Der Umwelttbus Lumbricus der Natur- und Umweltschutzakademie NRW (NUA) machte Station in Kierspe und bot 17 Schülerinnen und Schülern des Biologie-Grundkurses der Q1 einen besonderen außerschulischen Lernort. Auf dem Hof Rauszeit untersuchten die Jugendlichen einen kleinen Zufluss der Kerspe und tauchten dabei in die Welt der Fließgewässerökologie ein. Im Mittelpunkt stand eine umfassende Gewässeranalyse. Die Schülerinnen und Schüler arbeiteten arbeitsteilig: Sie untersuchten die Gewässerstruktur, um naturferne und naturnahe Abschnitte zu unterscheiden, das Makrozoobenthos – also wirbellose Kleintiere wie Steinfliegen-, Eintagsfliegen- und Köcherfliegenlarven sowie Bachflohkrebse. Diese sogenannten Zeigerorganismen erlauben Rückschlüsse auf die Wasserqualität. Parallel wurden chemisch-physikalische Parameter wie Stickstoff-, Phosphat- und Sauerstoffgehalt sowie die Wassertemperatur gemessen, um mögliche Belastungen durch Landwirtschaft oder Abwässer zu erkennen. Das Ergebnis konnte sich sehen lassen: Der untersuchte Bach erreichte die Gewässergüteklasse 2 – ein Hinweis auf eine insgesamt gute ökologische Qualität. Der Projekttag bot den Jugendlichen nicht nur die Möglichkeit, naturwissenschaftliche Inhalte praxisnah zu erleben, sondern auch ein tieferes Verständnis für die Bedeutung artenreicher und naturnaher Fließgewässer zu entwickeln. Viele der entdeckten Organismen waren ihnen zuvor unbekannt. Gleichzeitig wurde deutlich, wie wichtig es ist, Bäche und Flüsse vor Einträgen zu schützen und ihre Strukturvielfalt zu erhalten oder wiederherzustellen.

Ein weiterer Höhepunkt des Projekttages war die Mittagspause, die den Schülerinnen und Schülern eine besondere Begegnung ermöglichte. Bei einer Tierzeit-Führung mit Nina Rudolph vom Hof Rauszeit konnten die Jugendlichen Hühner füttern und Schafe streicheln und erfuhren dabei ganz nebenbei Wissenswertes über alte und bedrohte Haustierrassen.
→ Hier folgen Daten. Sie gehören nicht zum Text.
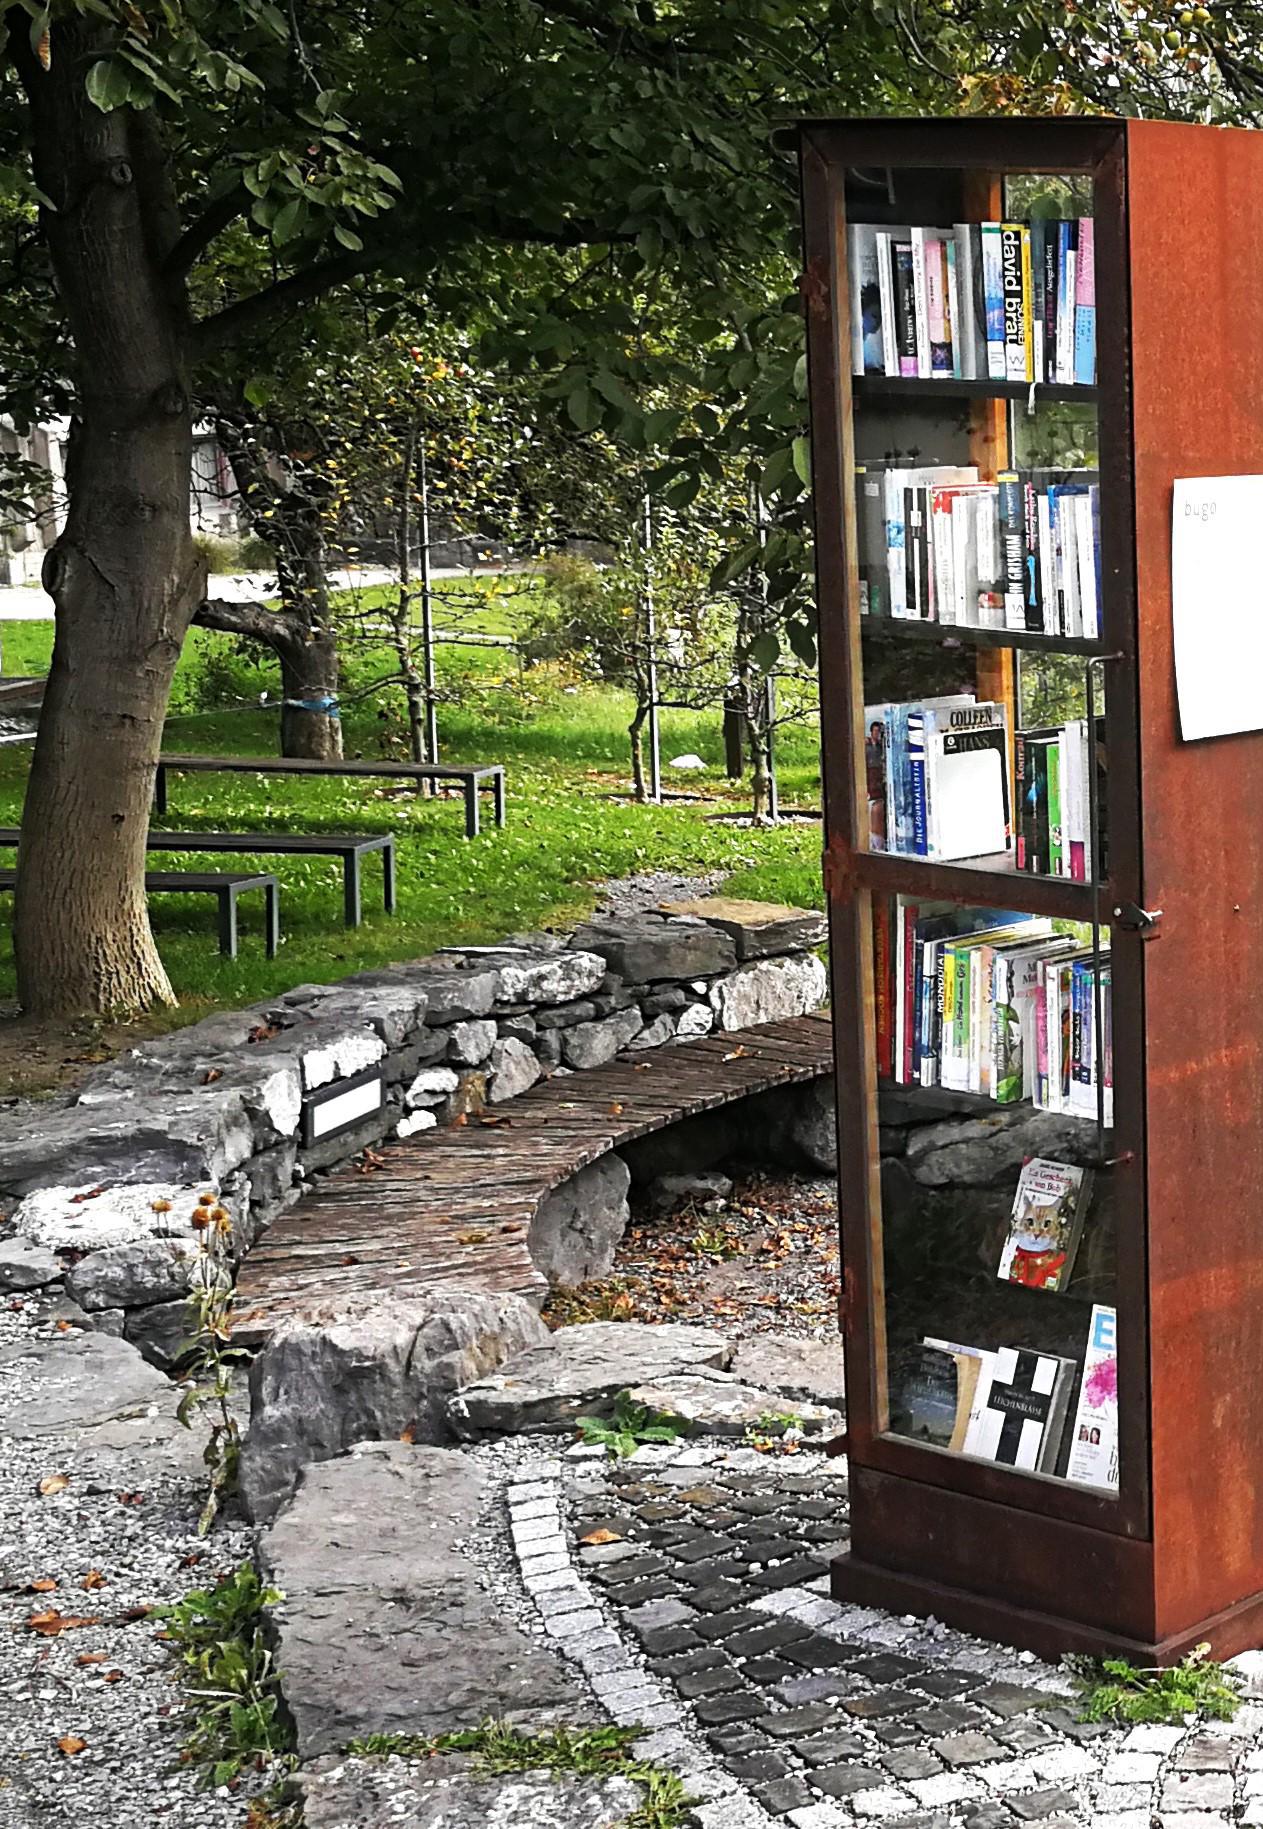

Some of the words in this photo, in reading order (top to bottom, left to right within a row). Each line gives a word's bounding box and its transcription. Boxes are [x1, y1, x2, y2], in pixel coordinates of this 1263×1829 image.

[1002, 230, 1021, 291] david
[1005, 534, 1023, 580] GRISHAM
[950, 705, 992, 728] COLLEEN
In den Volieren beobachteten sie außerdem neugierige Hörnchen und farbenprächtige Papageien – ein Erlebnis, das für viel Begeisterung sorgte und den naturkundlichen Projekttag um eine lebendige, tiernahe Perspektive bereicherte.

Ein Tag voller Erkenntnisse und Erlebnisse – und ein starkes Beispiel dafür, wie BNE lebendig werden kann.